Mine was a love marriage. The guy was from another caste but my parents had no issues. In fact, he wasn’t earning anything at the time we got married so my parents supported us financially as well.
I was asked to leave my well paying job at an MNC because his family did not want a working daughter-in-law and so I gave it up for love. He changed after marriage; he never supported me when I needed him the most, not even when I lost my brother.
We had our first child soon after marriage and neither him nor his family were around to help me take care of my son. I craved love and attention in that house; I had always dreamt of living in a joint family.
I wanted to feel loved so desperately that when I got the opportunity to be with a guy who was willing to accept me with my child, I really wanted to go for it but it just didn’t seem right.
This wasn’t the worst part though; the worst part was the abortions I had, not one, not two, I went through four abortions. I was drained; physically and emotionally.

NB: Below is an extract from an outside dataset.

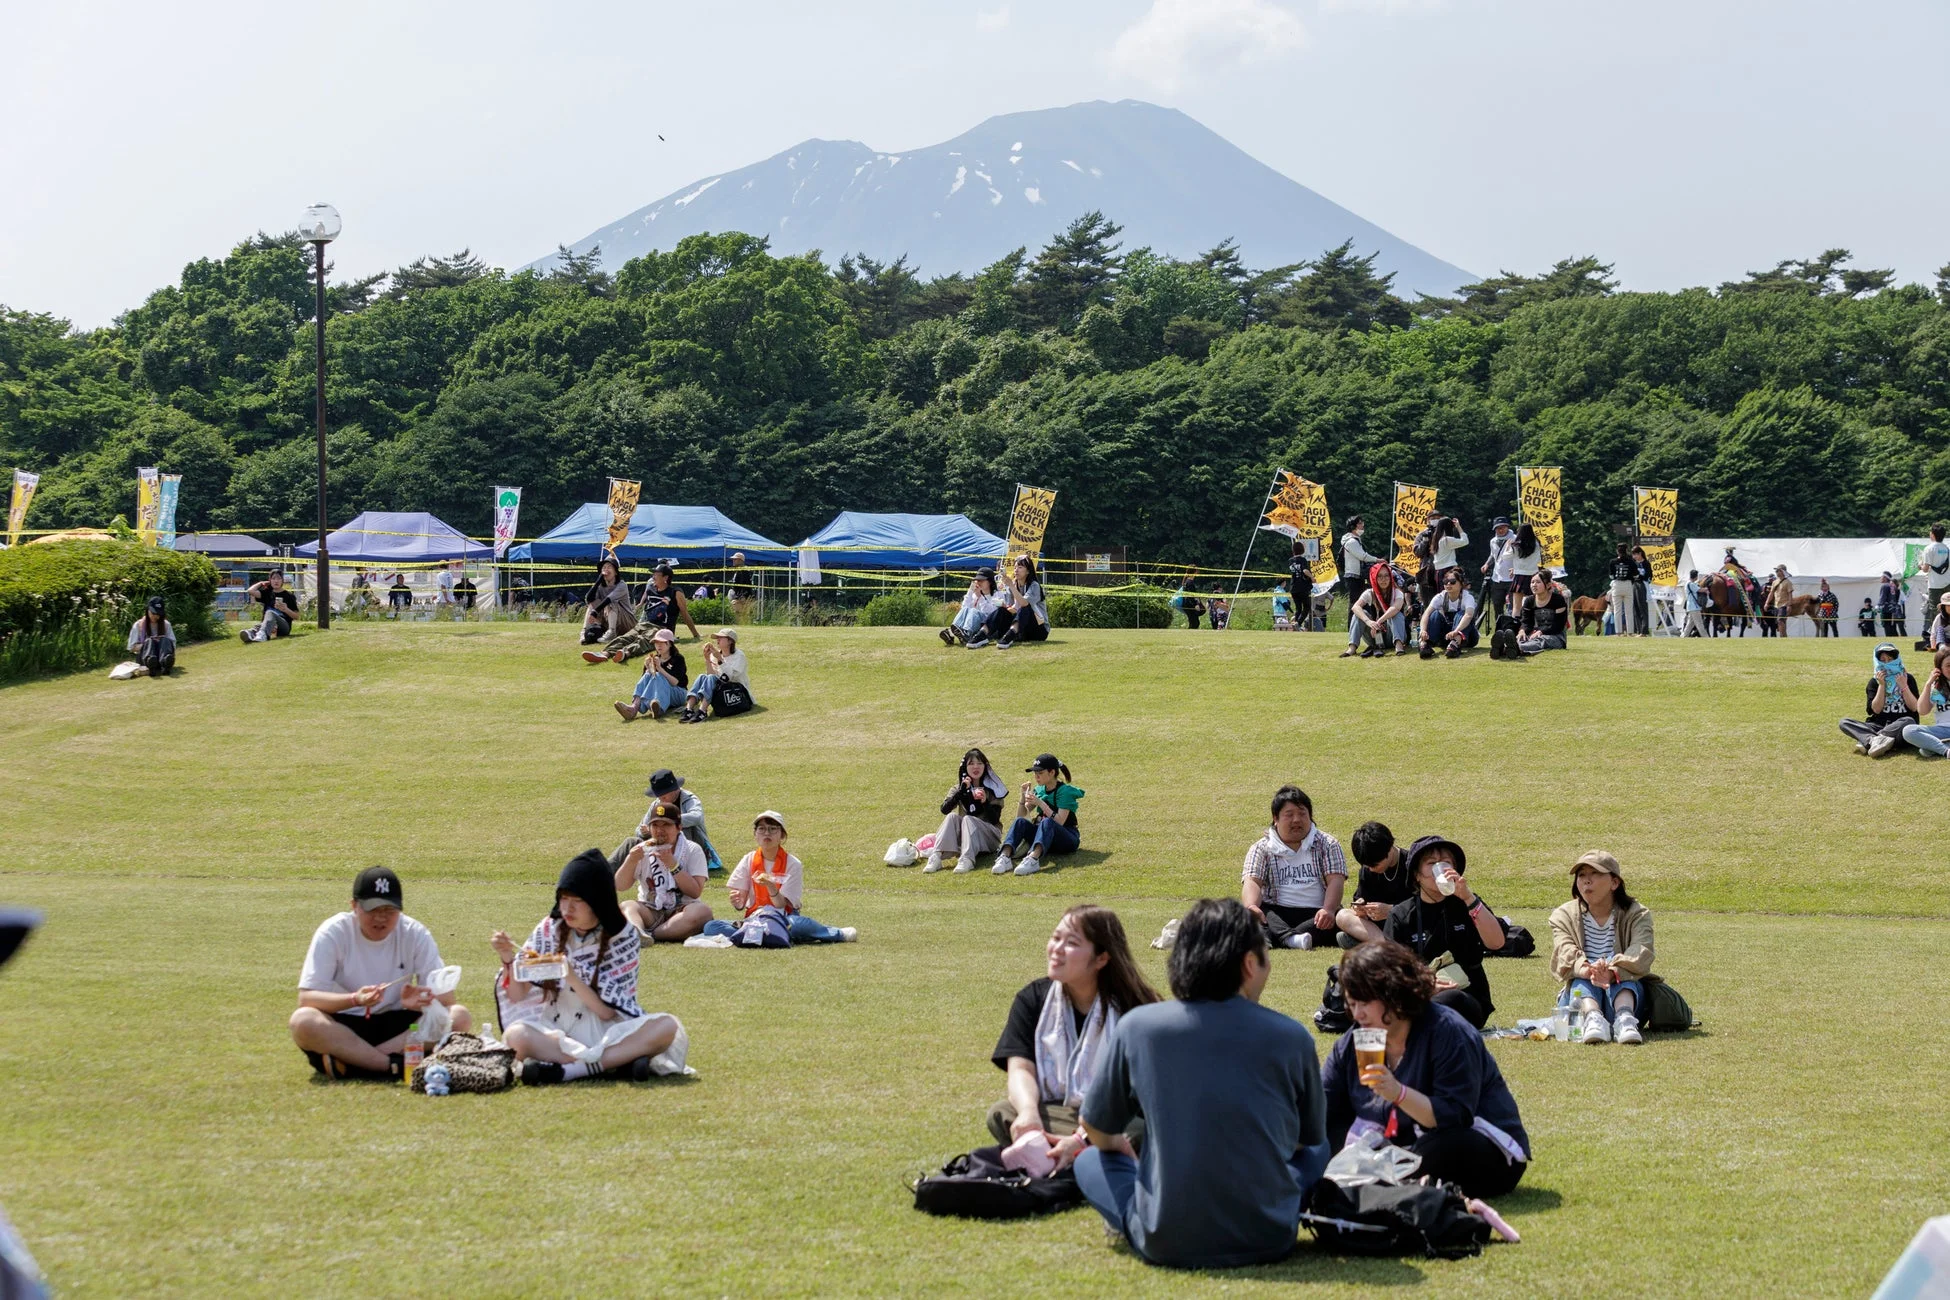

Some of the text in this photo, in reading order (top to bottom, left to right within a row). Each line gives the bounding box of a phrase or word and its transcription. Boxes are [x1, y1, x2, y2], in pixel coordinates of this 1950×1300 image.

I am still with him because I want my daughter to be happy; I am ready to give up my happiness and hope for my daughter and for my parents’ reputation in the society to stay protected.
Even though I am highly qualified and know that I can get a job anywhere I want, I have realized one thing in life; the tag of a ‘divorcee’ or ‘single mother’ is not acceptable in the society.
Your reputation in the society is above everything else, so much so that even my parents who have been seeing this for 10 years now are not standing up for me. Once when I had told my mother that my husband doesn’t care if I feel like having sex with him or not; she said, “sleep with him anyway, think of him as a client and yourself as a prostitute”.
Now I'm out of depression and fighting this situation on my own, just for my little angel.